The sold out event was hosted by Creative Workspace via the Harlem Business Alliance, organized by the think and do tank, Enodi (Entrepreneurs of the Diaspora), and generously sponsored by the construction management and technology company Bunkers Hill Construction.
The evening featured a range of young women of color who have launched enterprises they both own and lead. Each woman shared their personal journeys, tips on how they raised initial capital and offered insight on how they have grown their business ideas.
“I’m a data nerd,” shared Robyn Andrea Burgess, ’10CC founder of Runaway Apricot when explaining the importance of leveraging data to guide her business approaches. “The first idea does not always happen. Have a testing plan see what’s working and not working. Then be creative and take all of the right elements to create an approach that works,” she advised.
Ms. Burgess founded Runaway Apricot eight years ago as a way to inform and encourage communities to make healthy choices in preparing local, seasonal and healthy foods from scratch.
The speakers emphasized that a viable business idea must solve problems and not simply just be new. “Being creative is contributing to a solution,” said Yvonne Tinsley ‘13SSW. “A crooked fork is unique, but it’s not useful. If you’re not contributing something useful you’re just unique, you’re not useful.”
Ms. Tinsley is the co-founder of Oshun, a forthcoming mobile app and web platform that is set to launch in October 2015. The service will link women with premier hair stylists.
Burgess and Tinsley were joined on the panel by Maureen Erokwu, founder of Vosmap, a tech firm that partners with Google to help expand its Street View efforts, and by Malyia McNaughton, owner and designer of Made by Malyia Jewelry, which offers handcrafted delicate jewelry. Made by Malyia has been featured on Essence.com.

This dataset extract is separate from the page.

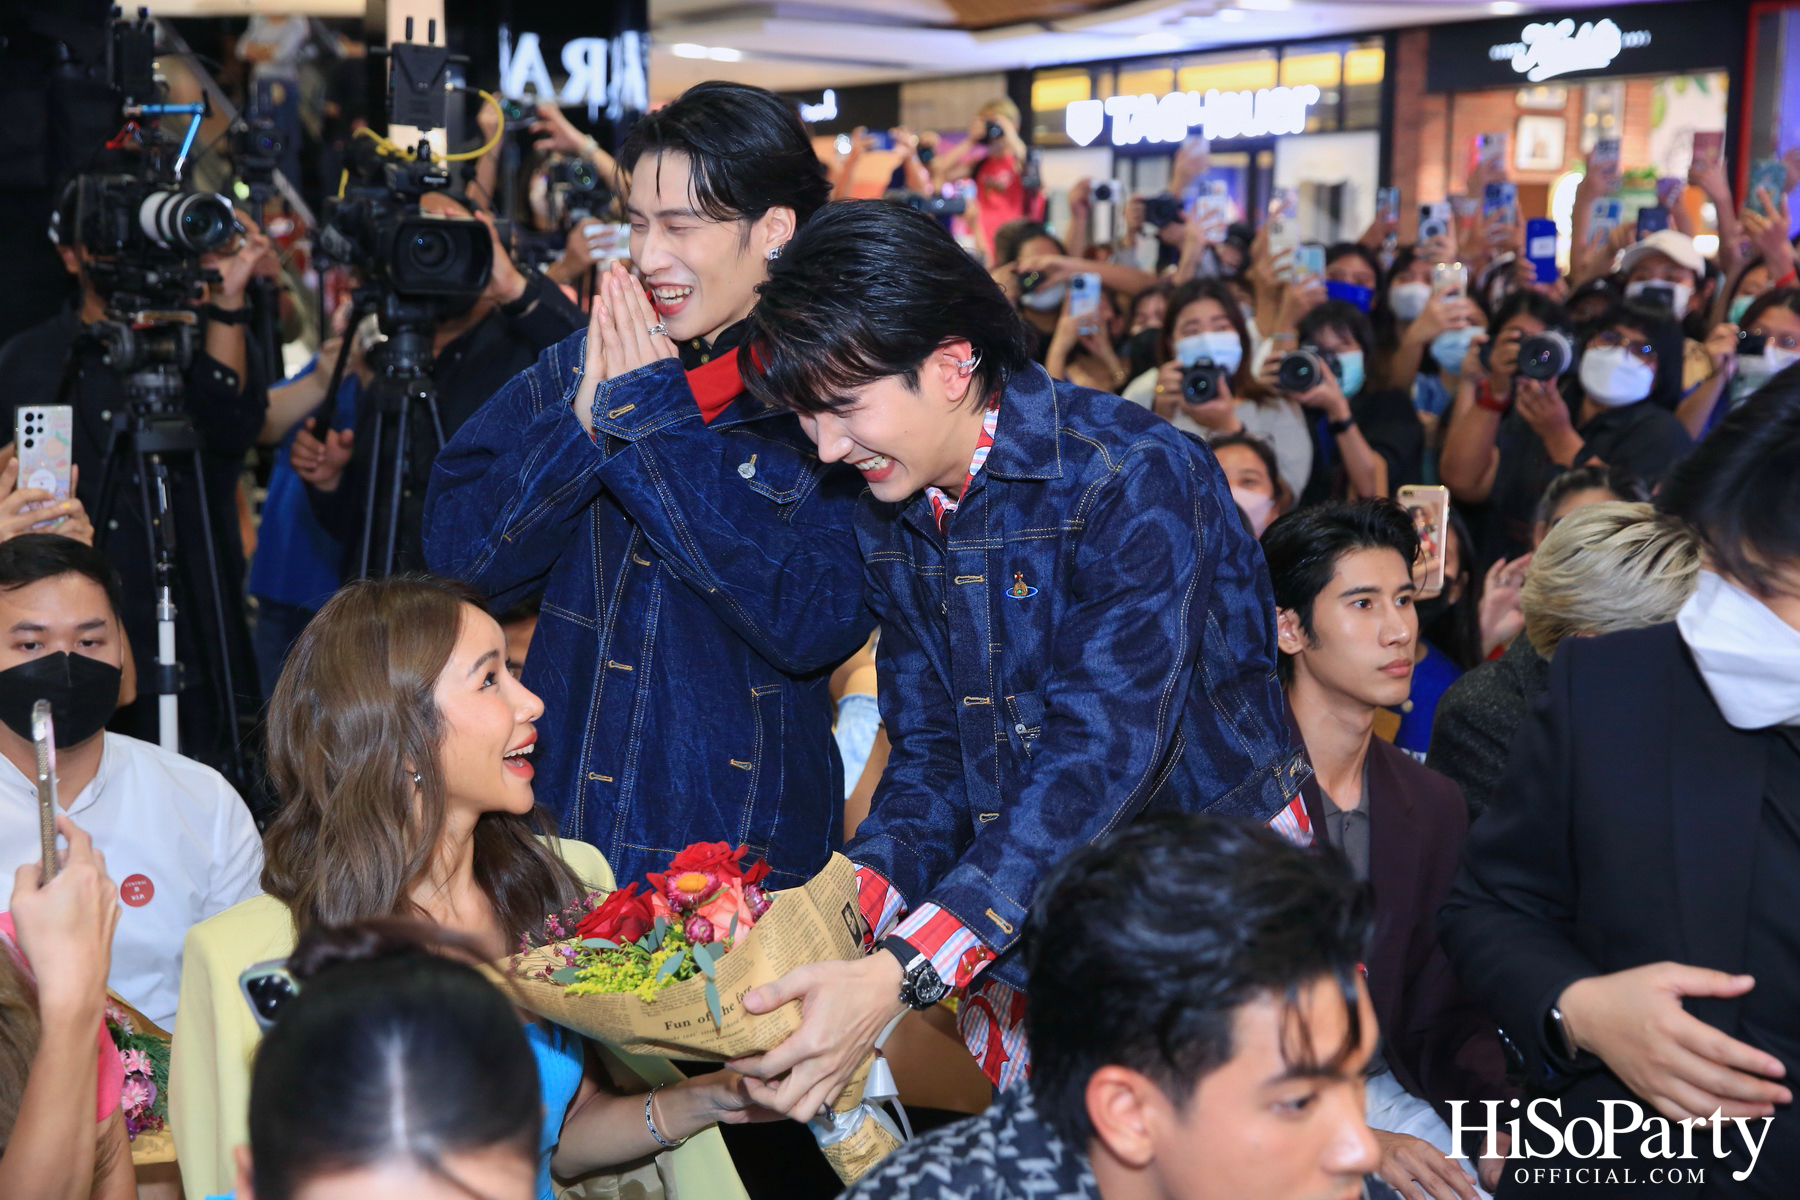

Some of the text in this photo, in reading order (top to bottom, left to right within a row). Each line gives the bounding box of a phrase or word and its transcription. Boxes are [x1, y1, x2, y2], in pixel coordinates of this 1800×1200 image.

The evening also included the New York premiere screening of On the Rise Africa, a business talk show featuring African entrepreneurs created by critically acclaimed filmmaker Femi Agbayewa. The episode showcased African female tech company founders, including Erokwu and Anie Akpe, founder of Innov8tiv.
“Harlem has long been a place for the innovators and Creative Workspace is a platform for entrepreneurs to share ideas, projects and products,” said Khalid David ‘10SEAS, founder of Bunkers Hill Construction and member of Creative Workspace. “At our event, we simply celebrated some of the most dynamic new leaders coming out of New York. Lucky for us, they were all woman of color representing the diaspora.”
“Let’s Do it for the Ladies” was conceived and planned by Mr. David and Michael Rain ‘10GS co-founder of Enodi and communications chief to the startup ZNews Africa. The pair wanted to offer engaging programing to observe Women’s History Month and create a space where current and future entrepreneurs can meet to do more than exchange ideas, but also to plan concrete courses of action to build their ideas up together.
“This is exactly the kind of movement we’re working to make happen,” says Rahim Diallo, co-founder of Enodi. “We’re not trying to do the same old networking party where people exchange cards and nothing happens. We want to bring people together to collaborate and focus on actually getting something done. That’s the only way we will grow successfully as a community.”